Salazar leur fit un clin d'œil, puis sortit sa baguette et la transforma en bâton de pouvoir. Le sien mesurait presque deux mètres de haut, il était en bois serpent tordu comme un serpent avec des rayures argentées. La base était en pointe tandis que le haut ressemblait à la tête d'un serpent qui tenait une énorme émeraude totalement ronde dans sa gueule grande ouverte. Godric fit un grand sourire à Salazar et regarda son bâton. Il était en acajou zébré d'or, mesurant près d'un mètre quatre vingt quinze.

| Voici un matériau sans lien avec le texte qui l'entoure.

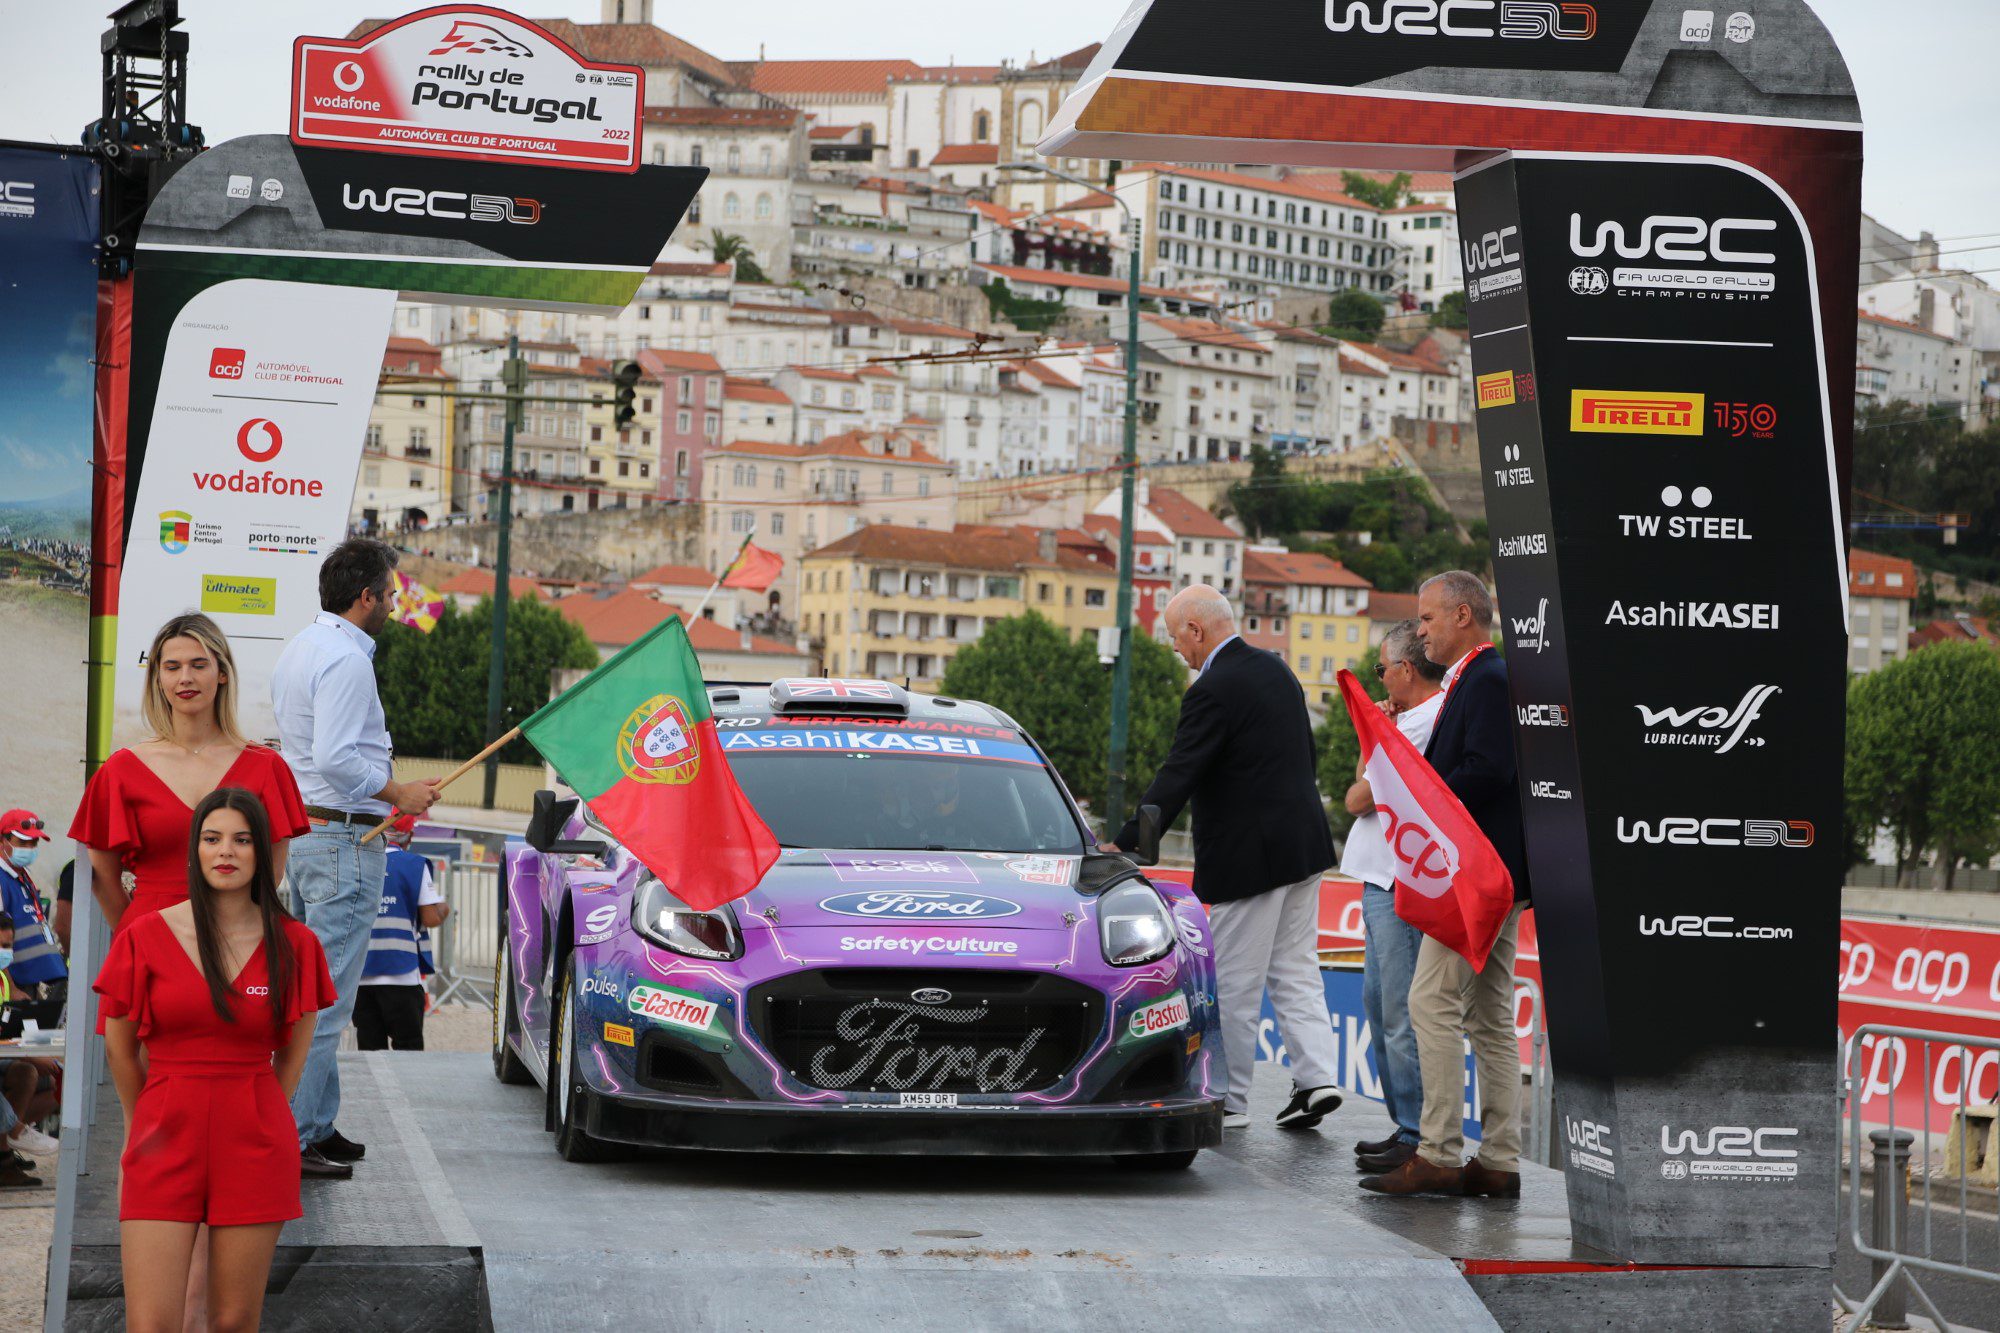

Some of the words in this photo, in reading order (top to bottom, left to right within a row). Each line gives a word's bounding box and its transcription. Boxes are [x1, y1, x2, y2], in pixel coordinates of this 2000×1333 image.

[1685, 27, 1710, 39] acp
[418, 63, 485, 87] rally
[489, 67, 525, 86] de
[313, 95, 381, 112] vodafone
[411, 81, 603, 124] Portugal
[378, 127, 449, 143] AUTOMÓVEL
[450, 133, 480, 145] CLUB
[481, 136, 498, 147] DE
[498, 138, 558, 152] PORTUGAL
[601, 128, 631, 141] 2022
[231, 187, 250, 197] acp
[1569, 212, 1778, 265] WRC
[1463, 225, 1520, 274] WRC
[1570, 267, 1609, 294] FIA
[1617, 272, 1643, 283] FIA
[1647, 274, 1708, 285] WORLD
[1712, 276, 1771, 287] RALLY
[1617, 288, 1770, 301] CHAMPIONSHIP
[214, 363, 243, 378] acp
[256, 361, 312, 374] AUTOMÓVEL
[254, 371, 278, 382] CLUB
[279, 373, 292, 382] DE
[293, 374, 345, 386] PORTUGAL
[1480, 377, 1512, 402] PIRELLI
[1581, 398, 1694, 427] PIRELLI
[1713, 402, 1777, 437] 150
[1751, 431, 1774, 439] YEARS
[192, 469, 324, 498] vodafone
[1494, 470, 1509, 488] TW
[1508, 466, 1535, 486] STEEL
[194, 529, 217, 538] Centro
[195, 522, 222, 532] Turismo
[1618, 514, 1662, 538] TW
[1668, 516, 1753, 540] STEEL
[193, 536, 223, 545] Portugal
[205, 582, 261, 595] ultimate
[713, 716, 763, 729] RD
[766, 714, 1016, 741] PERFORMANCE
[1643, 732, 1722, 746] LUBRICANTS
[1530, 780, 1573, 800] WRC.com
[854, 864, 953, 874] DOOR
[856, 892, 986, 916] Ford
[1639, 914, 1794, 940] WRC.com
[840, 935, 1019, 956] SafetyCulture
[1891, 946, 1971, 1004] acp
[245, 986, 269, 997] acp
[918, 990, 945, 1003] Ford
[644, 992, 711, 1027] Castrol
[1145, 998, 1190, 1032] Castrol
[606, 1025, 632, 1044] PIRELLI
[810, 1000, 1048, 1092] Ford
[902, 1093, 932, 1104] XM59
[934, 1094, 958, 1104] ORT
[1566, 1114, 1613, 1157] WRC
[1661, 1124, 1799, 1158] WRC
[1692, 1174, 1795, 1183] CHAMPIONSHIP
[1712, 1165, 1752, 1173] WORLD
[1756, 1165, 1795, 1173] RALLY

Il était parfaitement droit d'un diamètre égal de deux centimètres et se terminait par la tête d'un lion rugissant tenant dans la gueule un rubis parfaitement rond. Helga eut un grand sourire en voyant les couleurs des deux fondateurs, alors elle regarda son bâton et fut fière de son bâton. Il mesurait près d'un mètre soixante dix soit dix centimètres de plus qu'elle. Il était en bois Pau Amarello d'un jaune pur strié d'ébène, il avait une forme un peu torturé et se terminait par une tête de blaireau qui tenait dans sa gueule un diamant jaune sphérique à facette qui brillait au soleil. Enfin Rowena regarda le sien et vit un bâton d'un mètre soixante quinze parfaitement droit en ronce de noyer avec des inclusions de turquoise sur toute la longueur. La base du bâton était un bec fermé et il se terminait par une serre d'aigle qui tenait fermement un saphir sphérique.